Laberintos humanos. En el dolor
La turba de los Varela aceleró sus motocicletas. Al frente iba la que manejaba Pablo con Carla Cruz a la grupa, sorteando acequias y cerrando curvas conforme lo mandaba el camino. No seguían a nadie ni guerreaban, sólo corrían con un vértigo que no cesaba, hasta que en algún momento se detuvieron.
Pablo se apeó, se sacó el casco y se arrodilló para taparse la cara. Tanto andar no le mermaba el dolor por la pérdida de su hermano y de Esteban Franco. Levantó los ojos hacia ella. Ella lo miró expectante: no lo sabía, se disculpó. En el fragor del combate, Carla Cruz había matado a Pedro y a Esteban.
Pablo sabía que no había sido esa su intención, que no podía imaginar que se habían unido a los Varela tras combatirlos entre las ruinas de hierro y vidrio de Huichaira. Eran las últimas tres personas que esperaba ver en esa bárbara montonera motoquera, pero para Pablo eran la memoria de su hermano y de su amigo.

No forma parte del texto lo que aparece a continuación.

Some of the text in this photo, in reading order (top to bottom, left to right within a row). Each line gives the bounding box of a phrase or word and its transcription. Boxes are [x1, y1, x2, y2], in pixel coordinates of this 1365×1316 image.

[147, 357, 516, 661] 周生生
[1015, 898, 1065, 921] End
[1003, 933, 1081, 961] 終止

Años anduvieron separados Pedro y Pablo desde que su madre se viera obligada a separarlos en las playas del Brasil. Cada uno de ellos, en tiempos de la guerra por la independencia, pelearon en lugares insólitos y sobrevivieron vaya a saberse por qué, sólo para encontrarse ya grandes una tarde cualquiera, y en una hora inexplicada de sus vidas aparecieron en ese tiempo otro en el que la conocieron.
Mirar hacia atrás, hacia ese Santiago de Felipe Ibarra donde acaso la mirada del basilisco los llevó varios siglos hacia el futuro, le daba un vértigo que se multiplicaba al saberse solo ya, muerto su hermano.